De pronto notó que la sacudían suavemente. Debía haberse quedado dormida. Mamá estaba diciendo: «Dentro de unos minutos estaremos en Stuttgart».

Soñolienta, Anna se puso el abrigo, y pronto ella y Max estuvieron sentados sobre el equipaje a la entrada de la estación de Stuttgart, mientras mamá salía a coger un taxi. Seguía lloviendo: la lluvia tamborileaba sobre el tejado de la estación y caía como una cortina reluciente entre ellos y la plaza oscura que se abría delante. Hacía frío. Por fin volvió mamá.

—¡Vaya sitio! —exclamó—. Hay como una especie de huelga…, algo relacionado con las elecciones…, y no hay taxis. Pero ¿veis aquel letrero azul de allí?

Al otro lado de la plaza se veía un brillo azulado entre la lluvia.

—Esto es un hotel —dijo mamá—. Cogeremos sólo lo que nos haga falta para la noche y echaremos una carrera hasta allí.

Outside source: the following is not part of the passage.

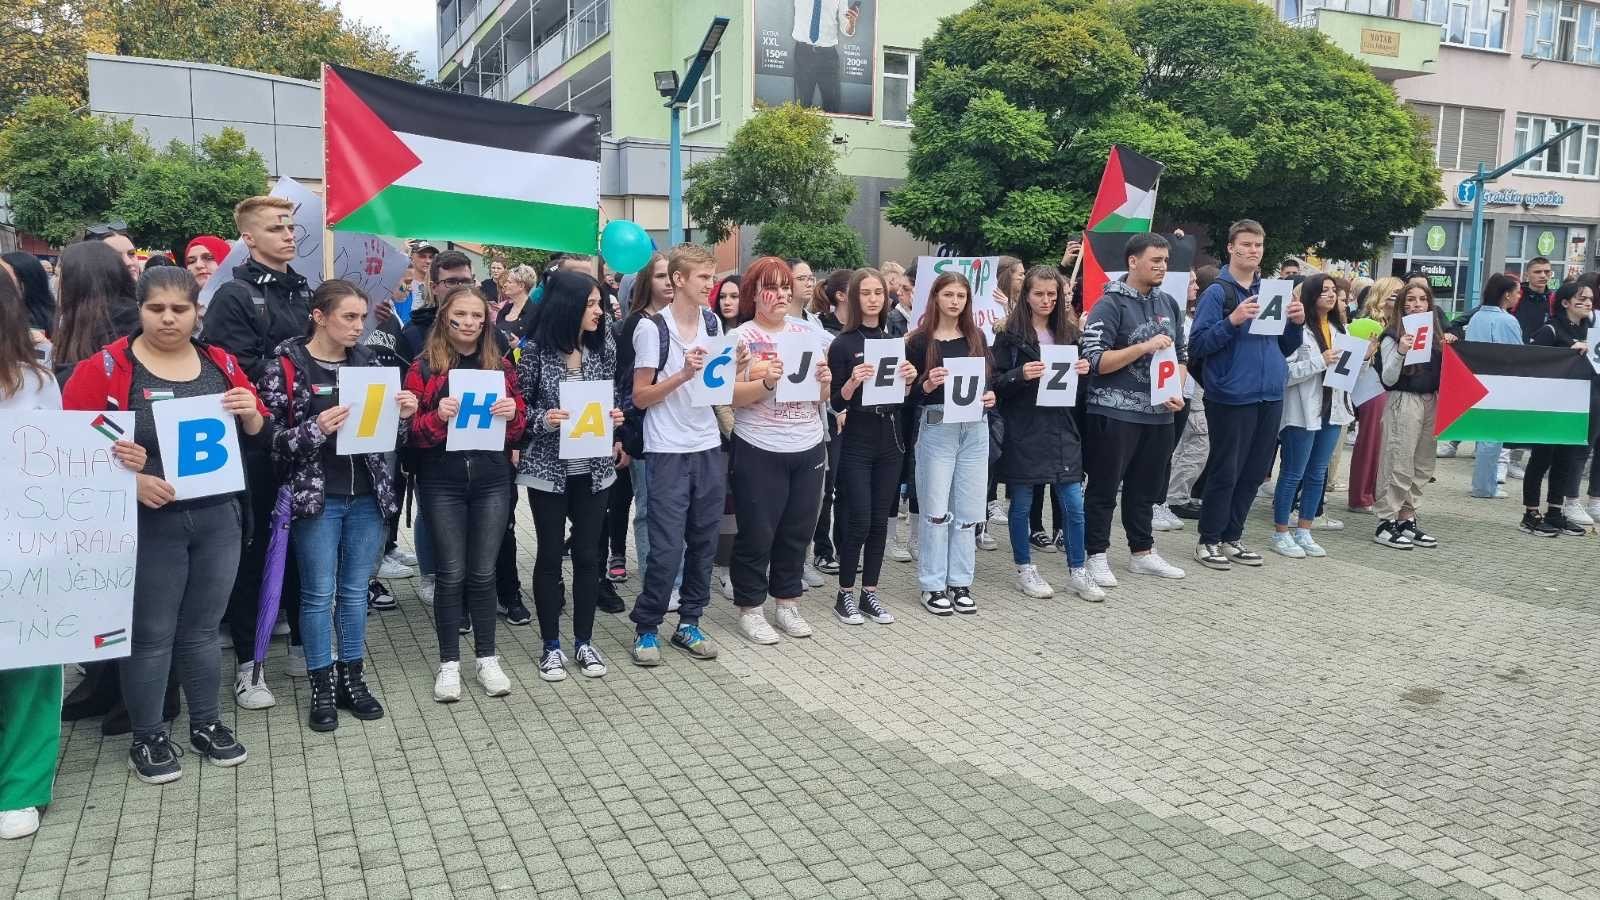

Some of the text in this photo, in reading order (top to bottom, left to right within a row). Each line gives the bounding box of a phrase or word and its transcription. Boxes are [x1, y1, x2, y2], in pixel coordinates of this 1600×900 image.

Después de dejar la mayor parte del equipaje depositada en la consigna, atravesaron la plaza mal iluminada. El maletín que Anna llevaba no hacía más que golpearla en las piernas, y llovía tan fuerte que apenas se veía nada. Una vez resbaló y pisó en un charco hondo, de modo que se le encharcaron los dos pies. Pero por fin llegaron bajo techado. Mamá pidió habitaciones, y luego Max y ella se fueron a comer algo. Anna estaba tan cansada que se fue derecha a la cama.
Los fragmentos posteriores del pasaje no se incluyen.